> Task requirements
I need the records below restated word for word, without their pictures.

> Source material
+ + + + +

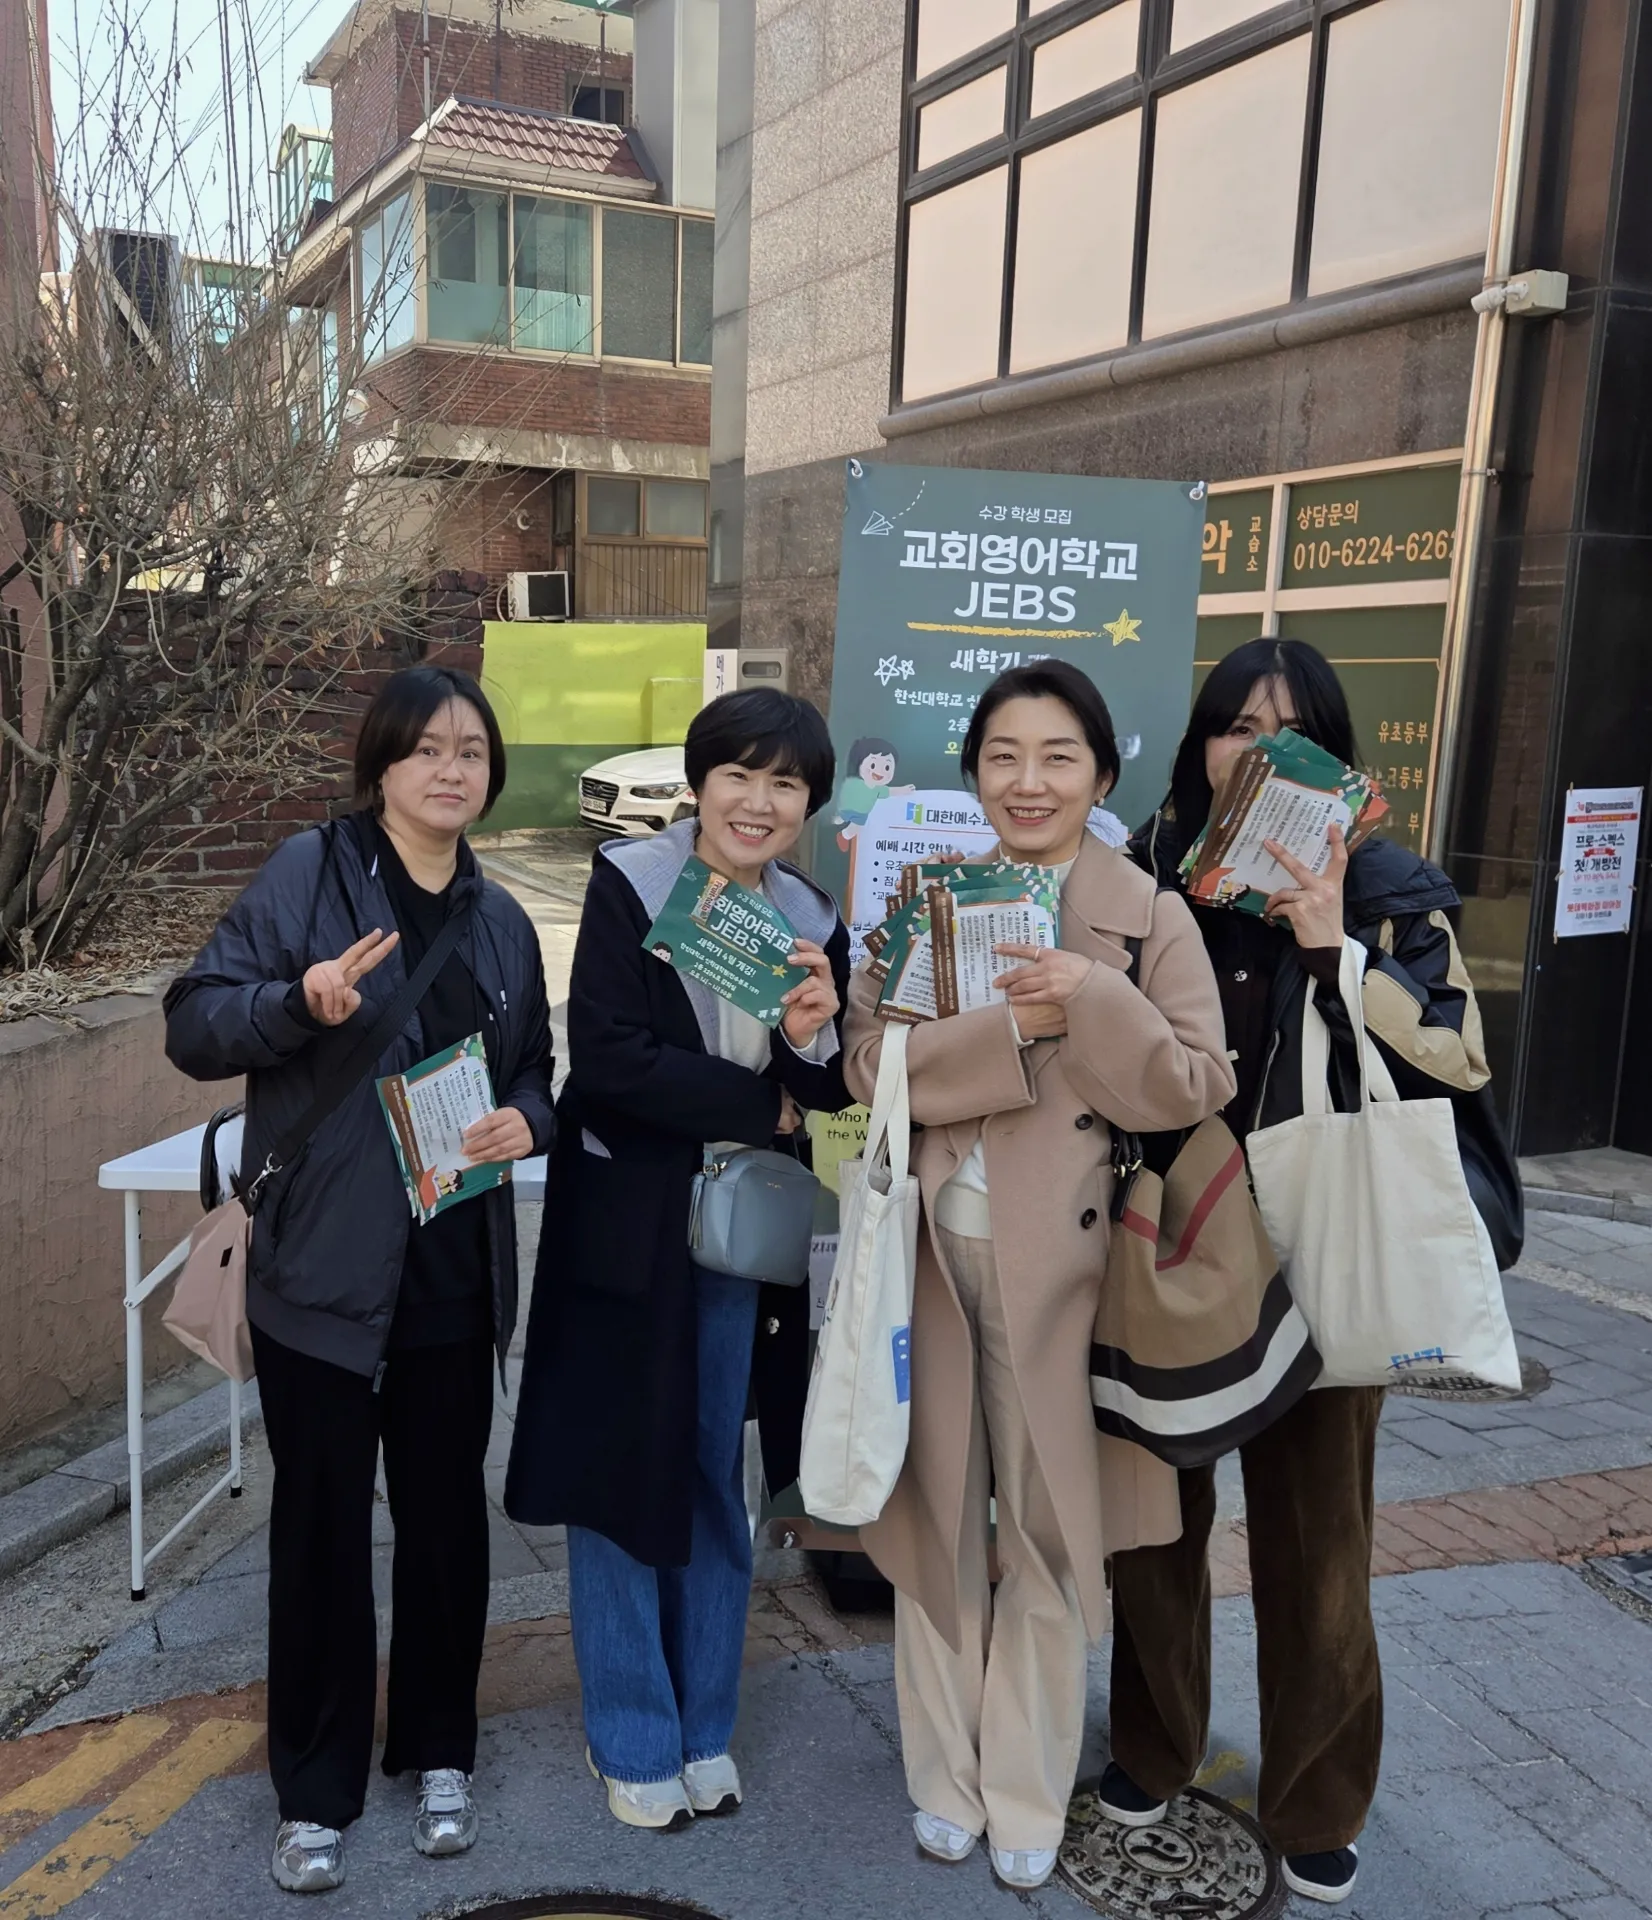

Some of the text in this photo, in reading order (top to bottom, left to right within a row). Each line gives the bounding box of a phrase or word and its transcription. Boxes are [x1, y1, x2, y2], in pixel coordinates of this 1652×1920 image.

[979, 506, 1072, 525] 수강 학생 모집
[1297, 500, 1360, 530] 상담문의
[899, 530, 1138, 581] 교회영어학교
[1246, 516, 1262, 572] 교습소
[953, 582, 1077, 623] JEBS
[950, 648, 1020, 674] 새학기
[894, 688, 964, 707] 한신대학교
[948, 717, 970, 733] 2층
[1378, 720, 1428, 744] 유초등부
[876, 840, 899, 852] 예배
[901, 841, 925, 854] 시간
[711, 916, 761, 953] JEBS
[714, 896, 791, 951] 회영어학교
[830, 1111, 862, 1123] Who
[827, 1129, 850, 1140] the
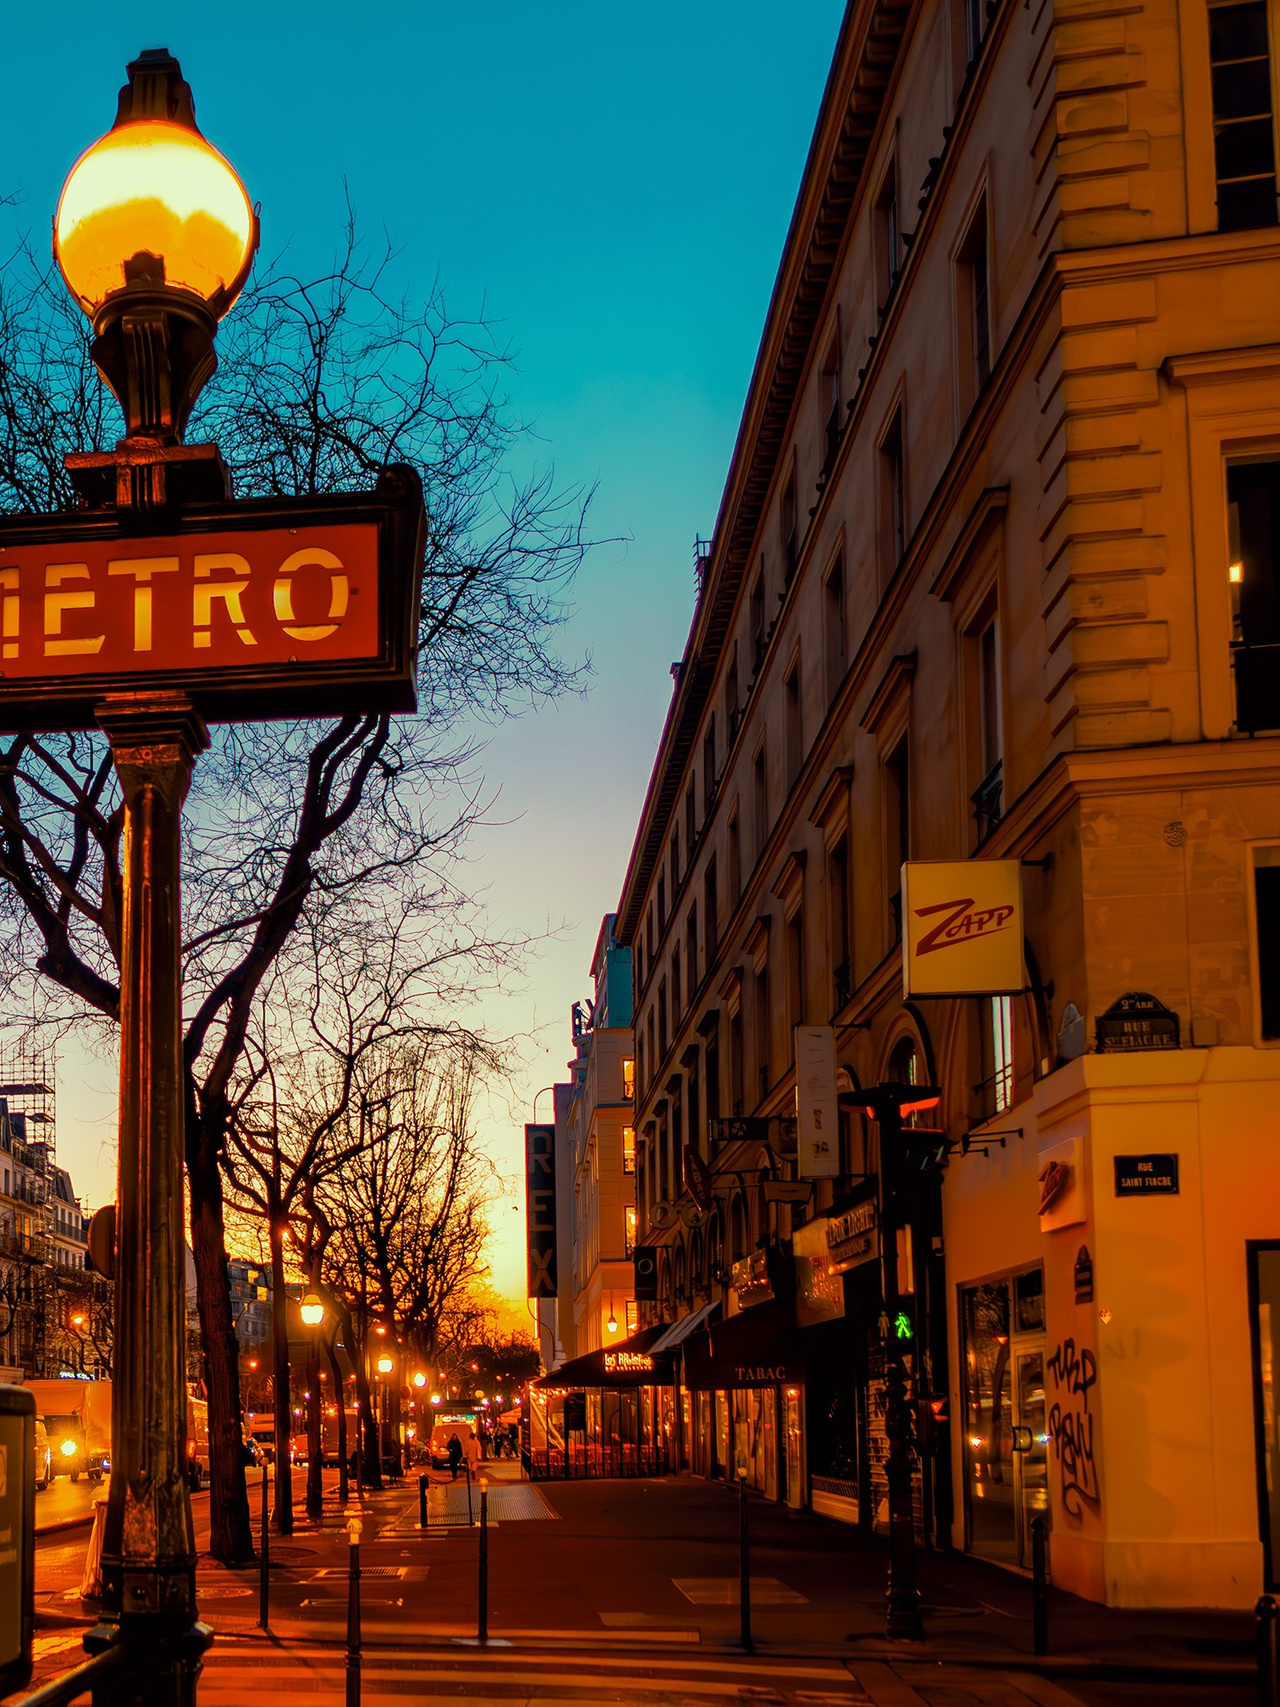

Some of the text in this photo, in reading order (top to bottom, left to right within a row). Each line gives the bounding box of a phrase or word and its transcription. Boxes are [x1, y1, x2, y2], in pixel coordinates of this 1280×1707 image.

+ + + + +

> Exercise result
Some of the text in this photo, in reading order (top to bottom, left to right within a row). Each line gives the bounding box of a phrase or word and its transcription. Boxes are [x1, y1, x2, y2], in pixel coordinates of this 1652×1920 image.

[979, 506, 1072, 525] 수강 학생 모집
[1297, 500, 1360, 530] 상담문의
[899, 530, 1138, 581] 교회영어학교
[1246, 516, 1262, 572] 교습소
[953, 582, 1077, 623] JEBS
[950, 648, 1020, 674] 새학기
[894, 688, 964, 707] 한신대학교
[948, 717, 970, 733] 2층
[1378, 720, 1428, 744] 유초등부
[876, 840, 899, 852] 예배
[901, 841, 925, 854] 시간
[711, 916, 761, 953] JEBS
[714, 896, 791, 951] 회영어학교
[830, 1111, 862, 1123] Who
[827, 1129, 850, 1140] the

Some of the text in this photo, in reading order (top to bottom, left to right within a row). Each line gives the bounding box of a phrase or word and its transcription. Boxes are [x1, y1, x2, y2], in pixel coordinates of this 1280×1707 image.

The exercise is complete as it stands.